#### RECORDS FOR THIS EXERCISE ####

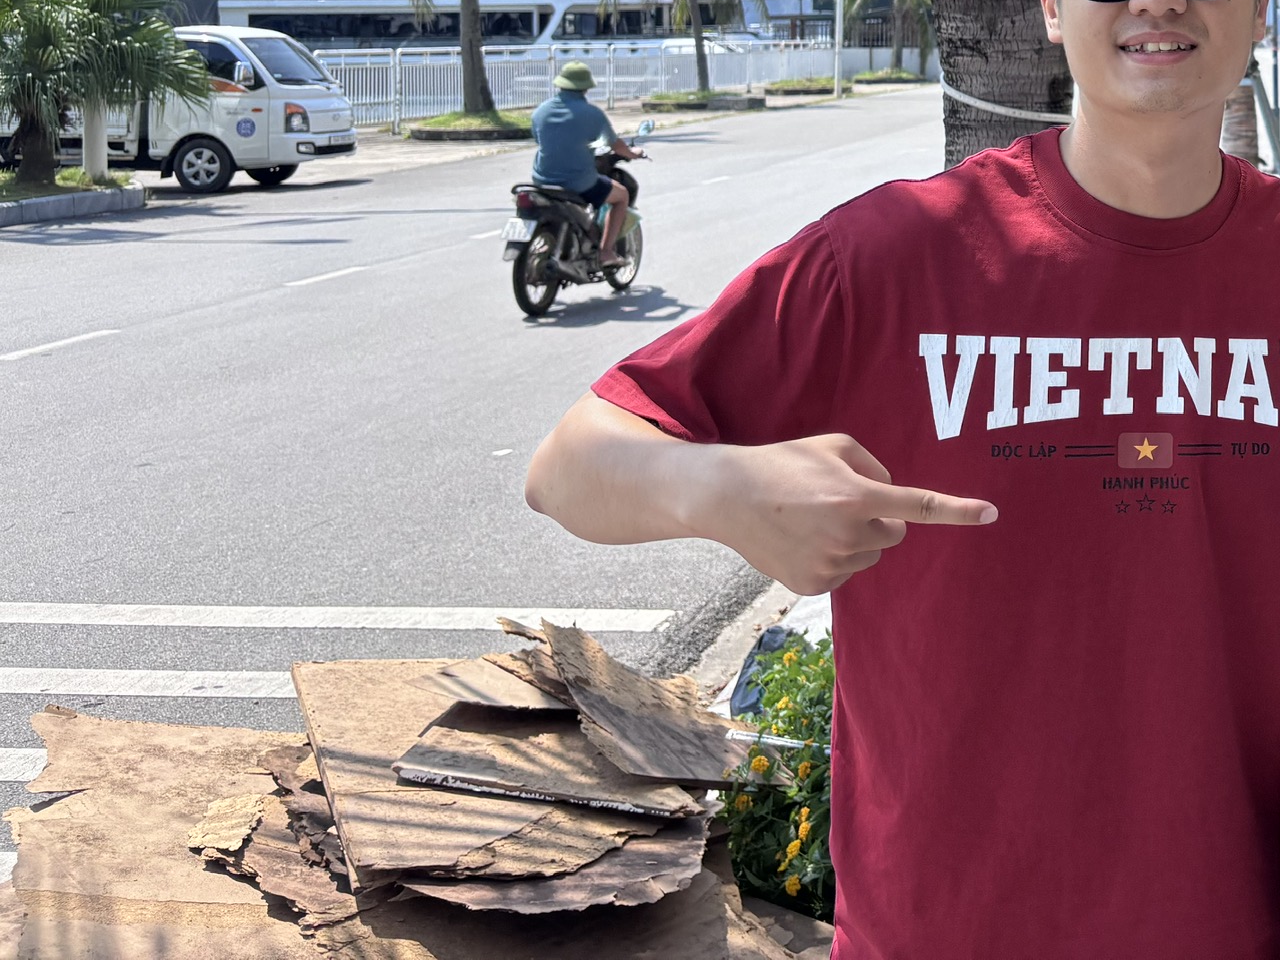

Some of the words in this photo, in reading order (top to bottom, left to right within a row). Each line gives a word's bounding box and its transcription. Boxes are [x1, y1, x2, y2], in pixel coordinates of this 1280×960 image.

[1029, 441, 1057, 461] LẬP
[1231, 442, 1248, 459] TỰ
[1251, 442, 1271, 455] DO
[1150, 473, 1190, 490] PHÚC
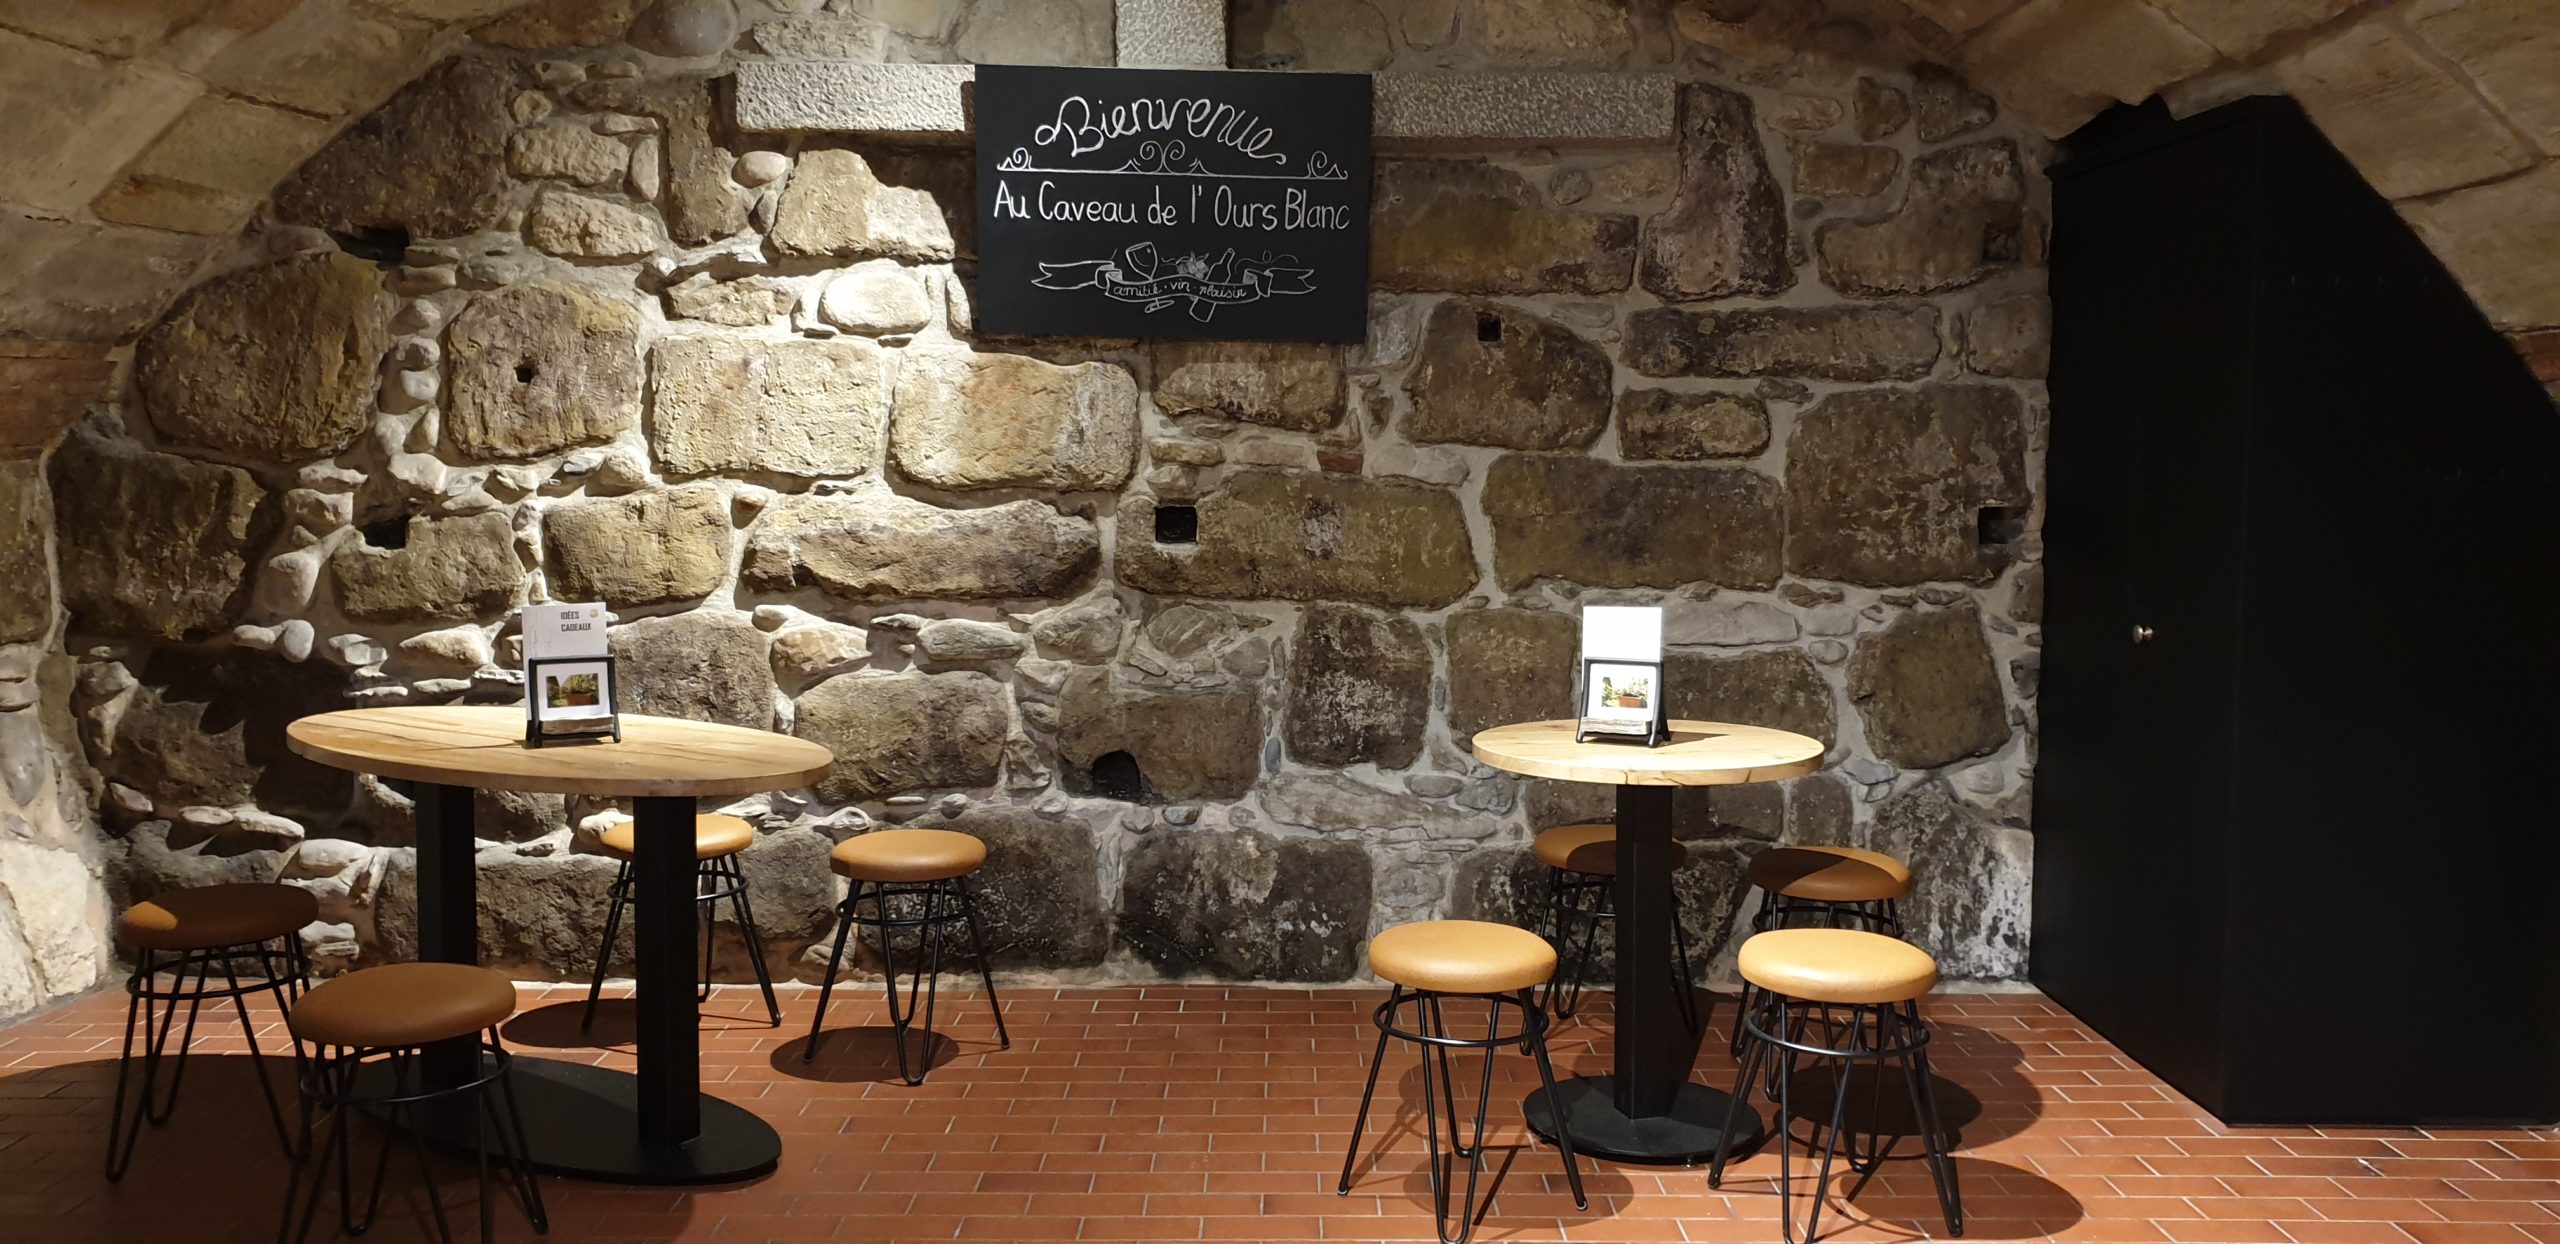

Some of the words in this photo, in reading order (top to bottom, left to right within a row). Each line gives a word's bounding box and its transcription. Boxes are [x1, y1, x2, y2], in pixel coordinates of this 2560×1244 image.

####

When you repeat the lines above, keep them exact and leave out each image they contain.

OUTPUT OF THE EXERCISE:
Some of the words in this photo, in reading order (top to bottom, left to right within a row). Each line gives a word's bounding box and its transcription. Boxes are [x1, y1, x2, y2], in pixel coordinates of this 1280×960 image.

[1029, 441, 1057, 461] LẬP
[1231, 442, 1248, 459] TỰ
[1251, 442, 1271, 455] DO
[1150, 473, 1190, 490] PHÚC

Some of the words in this photo, in reading order (top to bottom, left to right within a row). Each line gives a word's bounding box and its transcription. Boxes are [x1, y1, x2, y2], in pixel coordinates of this 2560×1244 image.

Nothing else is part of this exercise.